My PhD work gave that intuition its scaffolding: moving through composition pedagogy, biomedical narrative, and technical writing, into ecosemiotics, rhetorical theory, and scalar ontology, I am building a research program that treats the (il)legibility of the more-than-human world within human symbolic systems not as background context but as the central rhetorical and ethical crisis of the current moment. My research names that crisis without stopping at diagnosis, pivoting toward reconstructive intervention through the framework of "reconstructive resemiotization," the type of frameworks often found in Indigenous cultural relationships with nature.

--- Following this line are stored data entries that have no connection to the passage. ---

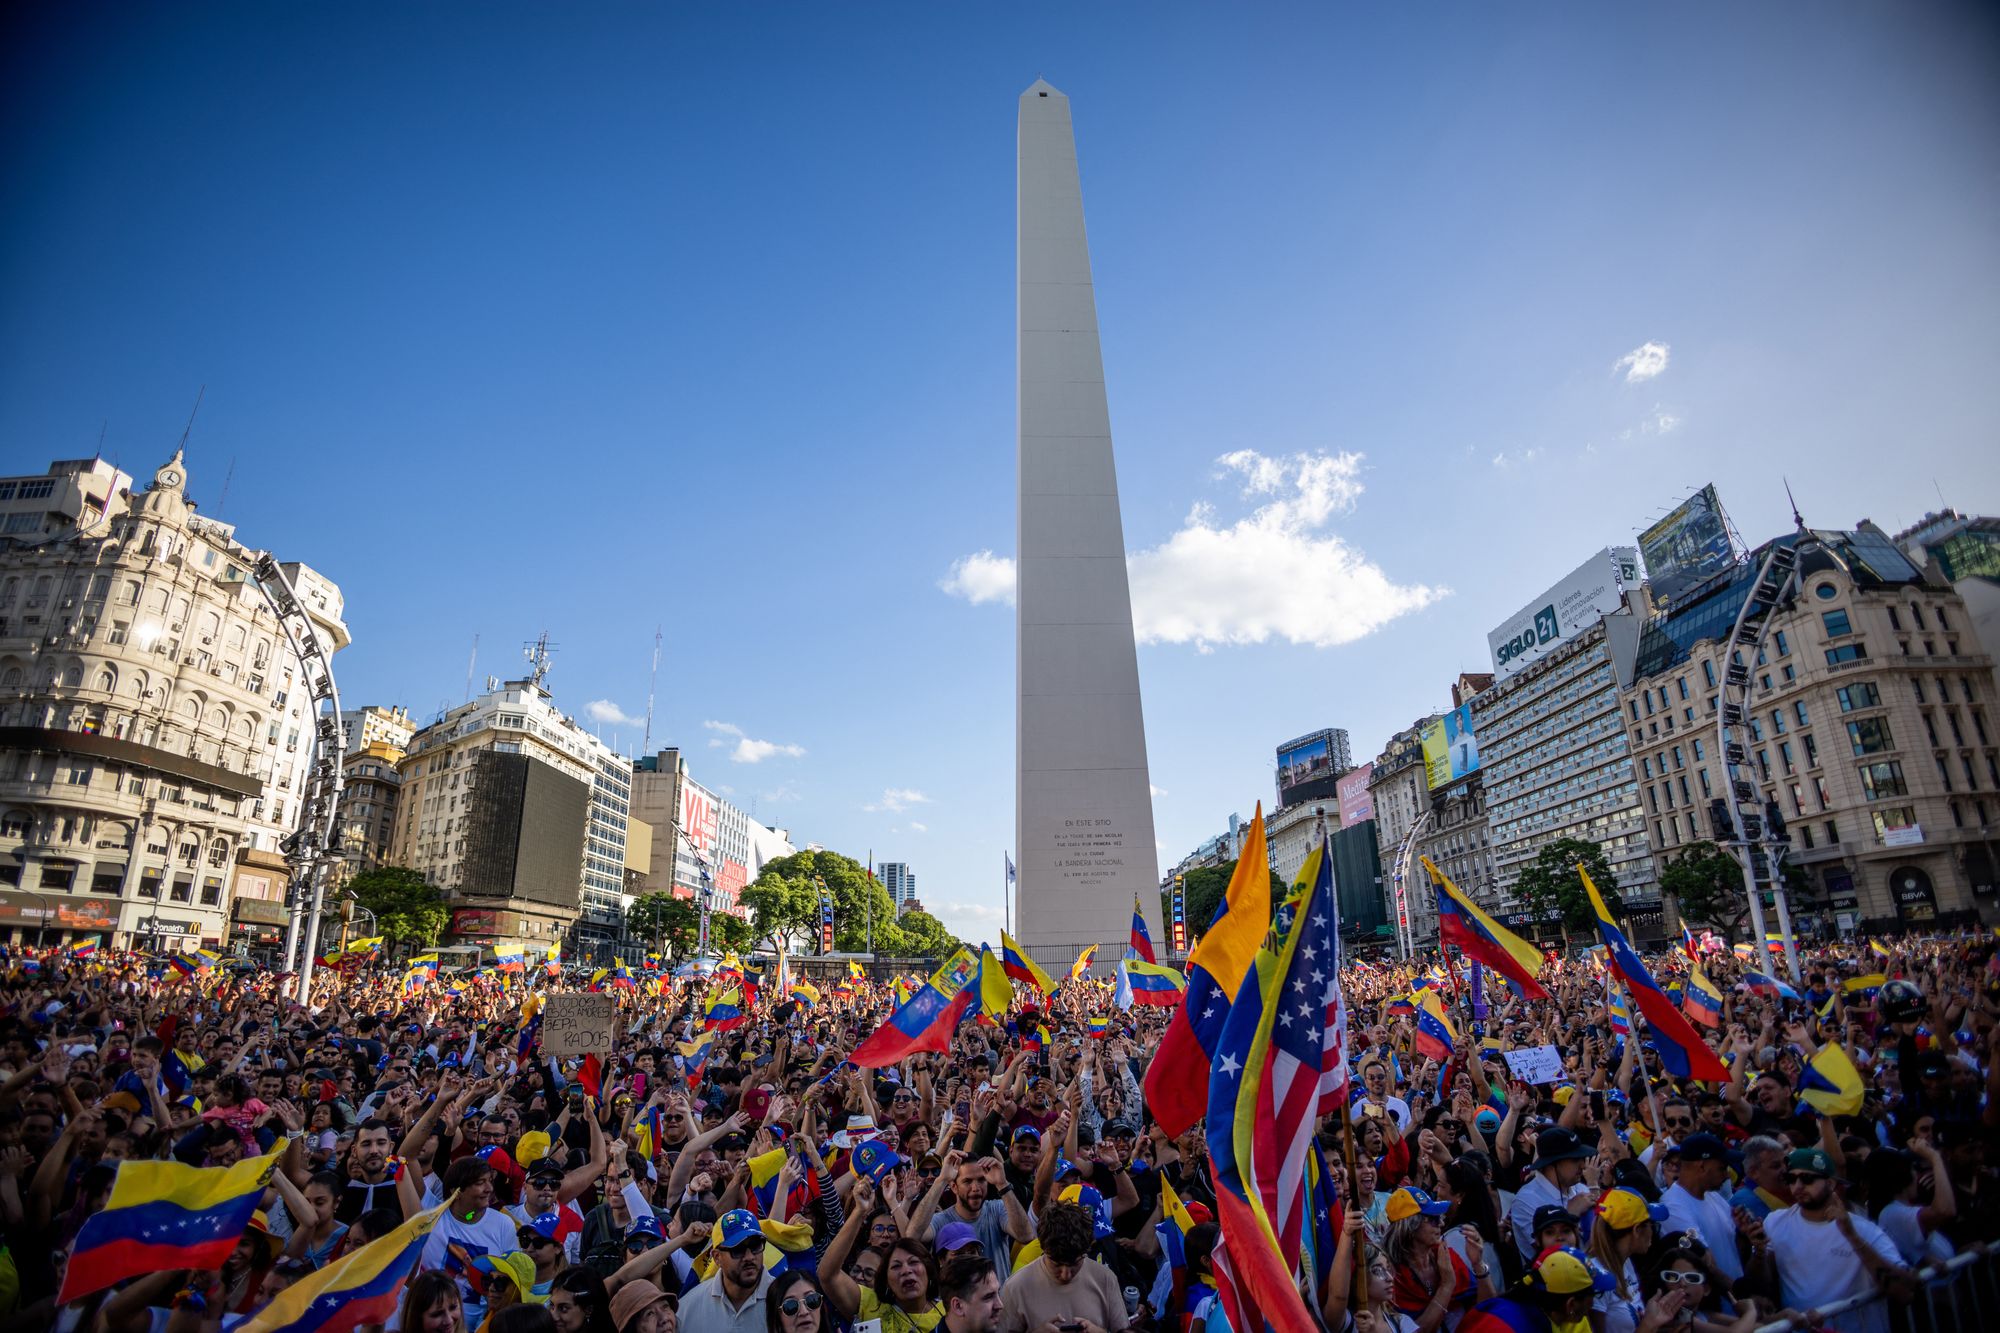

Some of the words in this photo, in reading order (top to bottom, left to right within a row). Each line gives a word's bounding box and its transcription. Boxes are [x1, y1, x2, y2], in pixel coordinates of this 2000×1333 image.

[1623, 567, 1637, 580] 21
[1558, 589, 1582, 610] Líderes
[1561, 610, 1570, 619] en
[1569, 585, 1605, 613] innovación
[1496, 628, 1536, 666] SIGLO
[1538, 616, 1554, 639] 21
[1065, 819, 1074, 827] EN
[1076, 819, 1093, 827] ESTE
[1065, 859, 1092, 867] BANDERA
[1094, 858, 1124, 866] NACIONAL
[1901, 891, 1926, 900] BBVA
[1833, 900, 1851, 908] BBVA
[547, 997, 555, 1008] A
[545, 1007, 575, 1018] ESOS
[577, 1006, 610, 1018] AMORES
[544, 1018, 577, 1031] SEPA
[563, 1030, 610, 1048] RADOS
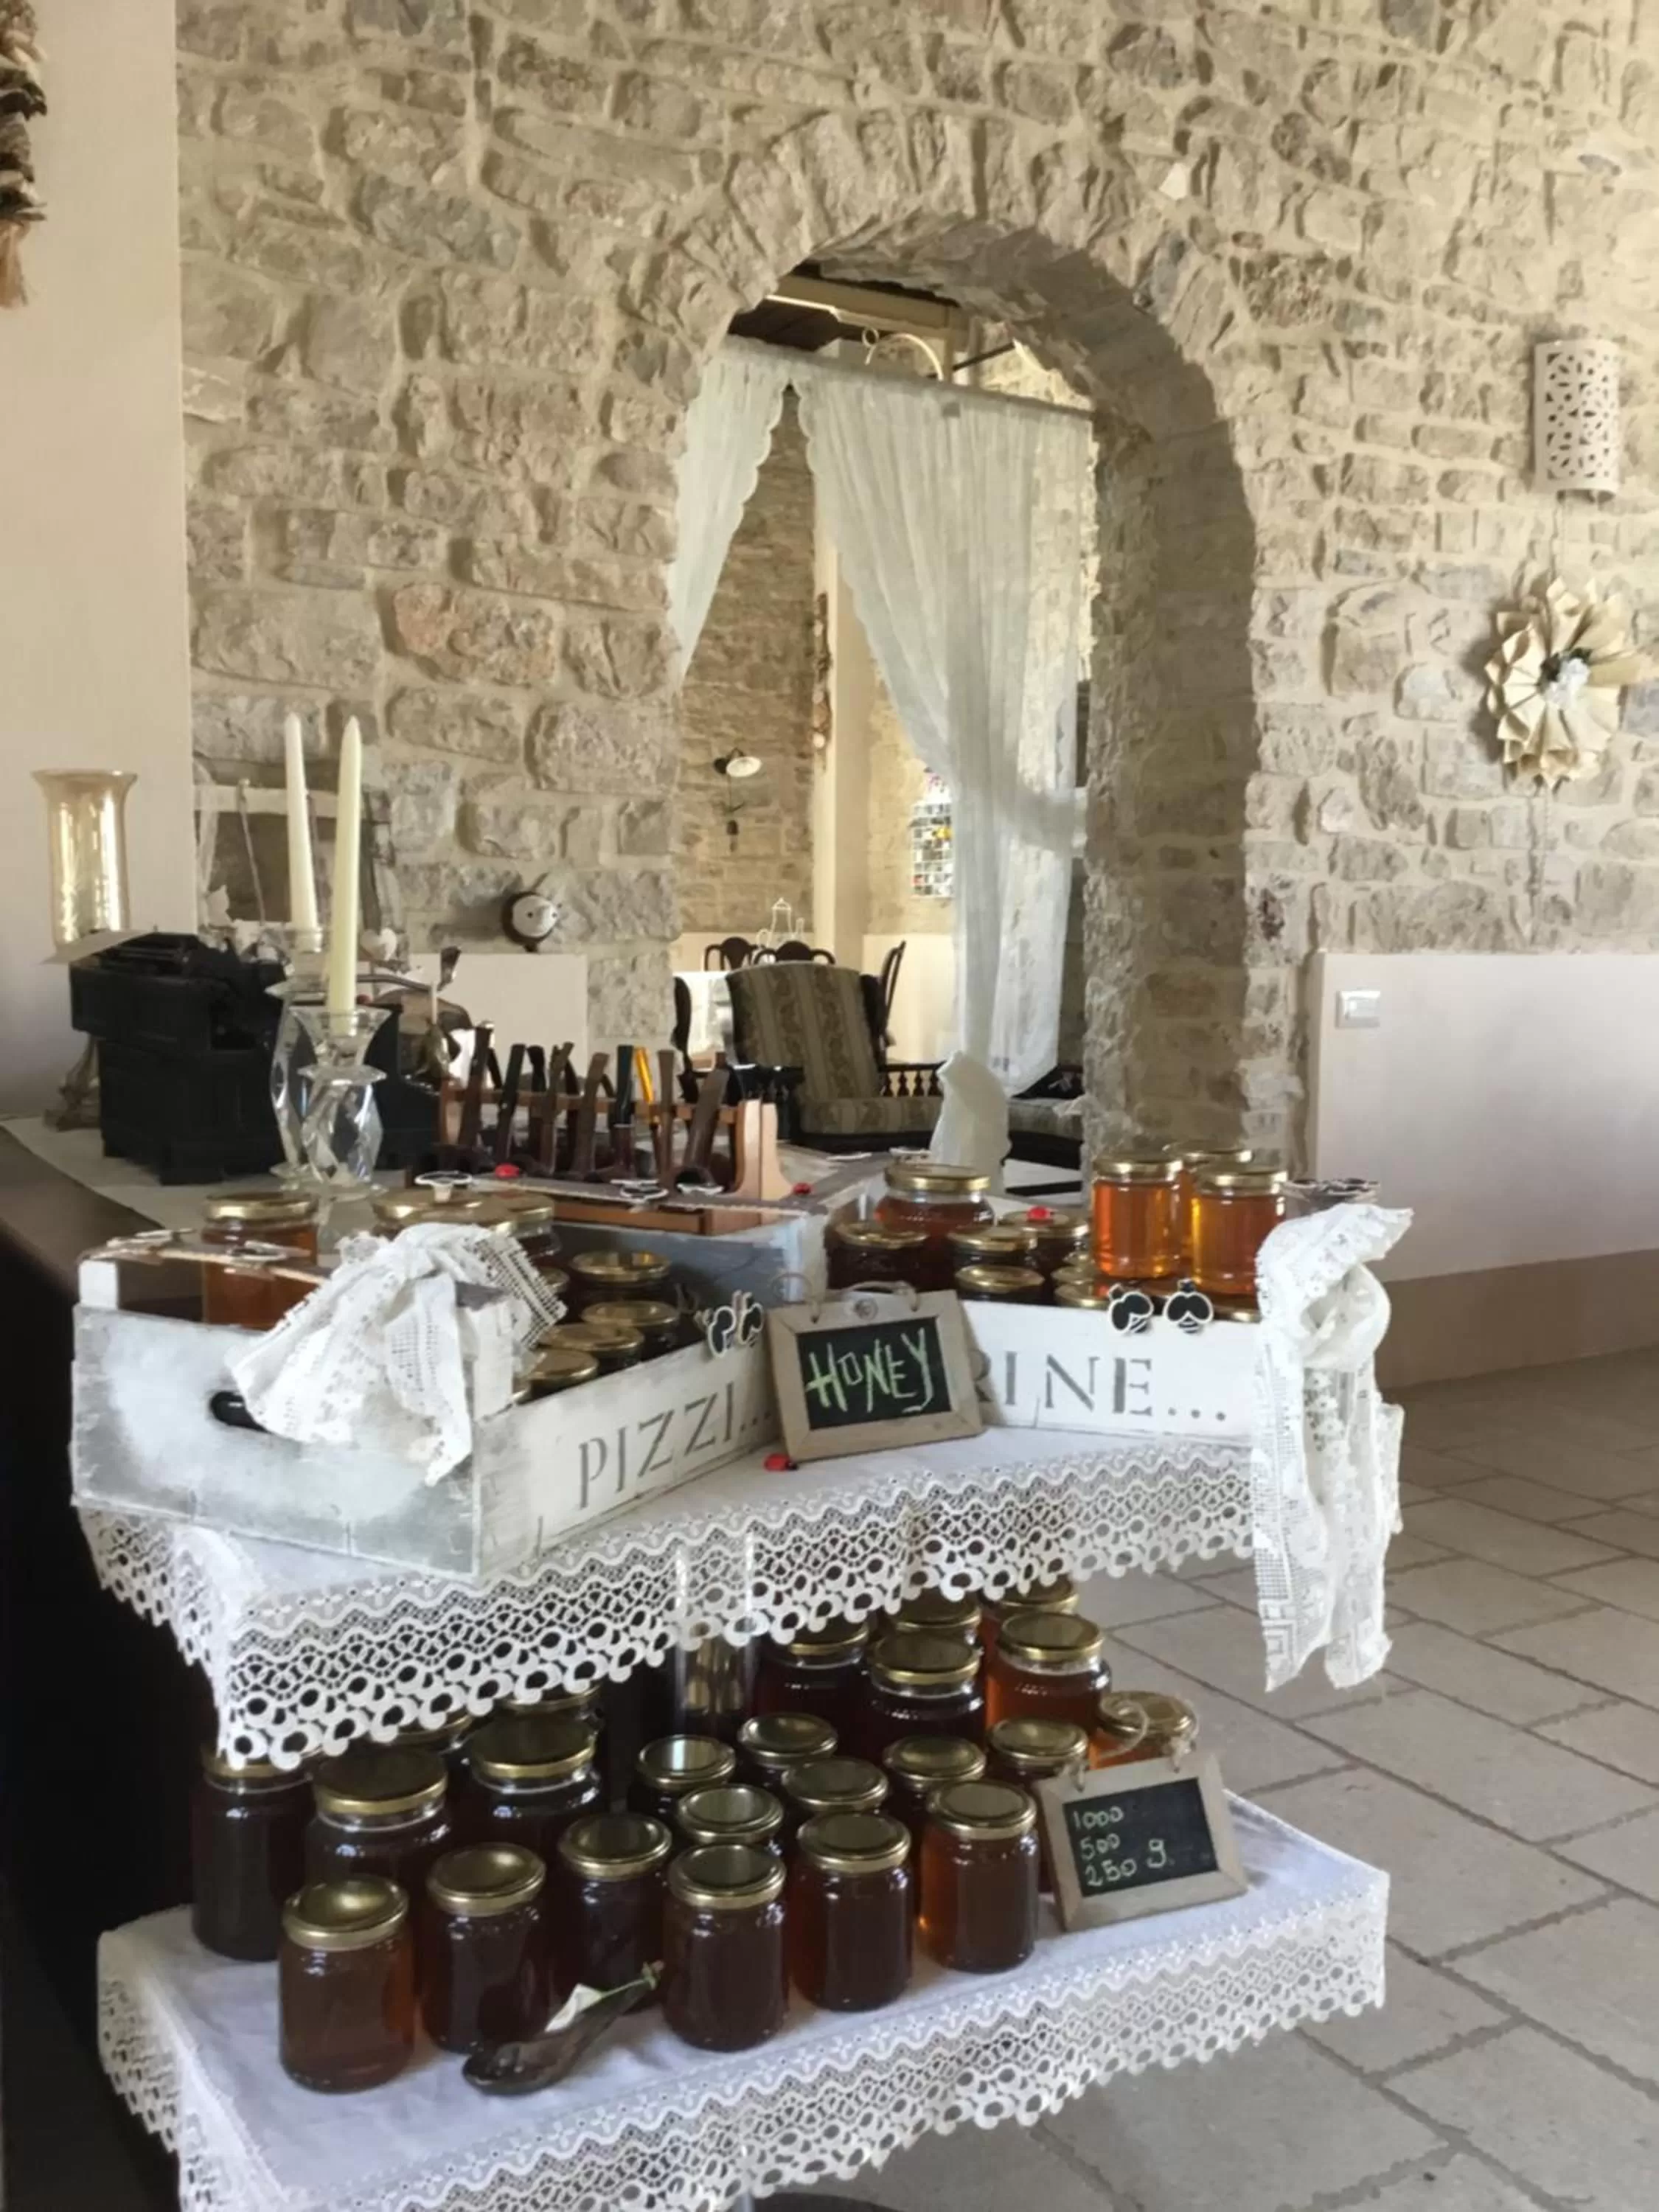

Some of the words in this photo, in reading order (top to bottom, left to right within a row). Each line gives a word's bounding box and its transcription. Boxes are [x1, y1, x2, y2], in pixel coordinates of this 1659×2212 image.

[807, 1328, 934, 1413] HONEY
[1073, 1806, 1124, 1829] 1000
[1079, 1833, 1121, 1860] 500
[1085, 1858, 1138, 1886] 250

The trajectory in full: from teaching secondary education, to studying science communication, to theorizing how institutions symbolically consume the living world, to developing the rhetorical tools necessary for a more convivial, reciprocal, and ethically attuned relationship between human symbolic systems and the more-than-human world they both depend upon and actively diminish.

My scholarship engages rhetoric, ecology, and ecosemiotics to seek tools for analyzing complex environmental exigencies and expansive, convivial human-nonhuman-inhuman relationships.
Specifically, my research investigates the mechanisms of "legibility-making" that traces how global economic and policy institutions actively flatten and compress the multi-scalar, communicative networks of the natural world into manageable economic metrics. However, because continually diagnosing and pointing at ecological collapse without proposing structural interventions ultimately becomes a category error, my work deliberately pivots from critique to a framework for action.
I develop "reconstructive resemiotization" (restoring disregarded meaning) as an actionary rhetorical method designed to reverse this ecological flattening. By advocating for responsive authorship over economic mastery, my research suggests an epistemological architecture necessary for the parallel construction of new, regenerative material and institutional structures that can be built while old extractive systems are still standing.
Non-extractive, regenerative constructions that allow responsive authorship include the following examples:
The Nuka Enterprise (Supply-Chain): Rejects extractive monocropping to create commercial kānuka products, scaling their business to the plant's natural rhythms and an "epistemology of gifts"
Te Mana o te Wai (Legal): A New Zealand framework prioritizing water health (hauora) over extraction, famously granting the Whanganui River legal personhood and the power to "dissent" in court as a living ancestor.
Developing theoretical frameworks that account for the rhetorical capacities of nonhuman actors — plants, animals, ecosystems — within shared communicative environments.
Consider the beaver. When beavers engineer wetlands, they actively "read" their environment, interpreting topographic signs and teaching their young to understand the landscape across generations. However, modern economic policies typically reduce this complex communication to a mere "ecosystem service" like flood control. My research explores how human systems can be redesigned to respect, rather than reduce, this nonhuman agency.
Applying semiotic theory to ecological contexts to examine how meaning is produced, circulated, and interpreted across species boundaries and within more-than-human assemblages.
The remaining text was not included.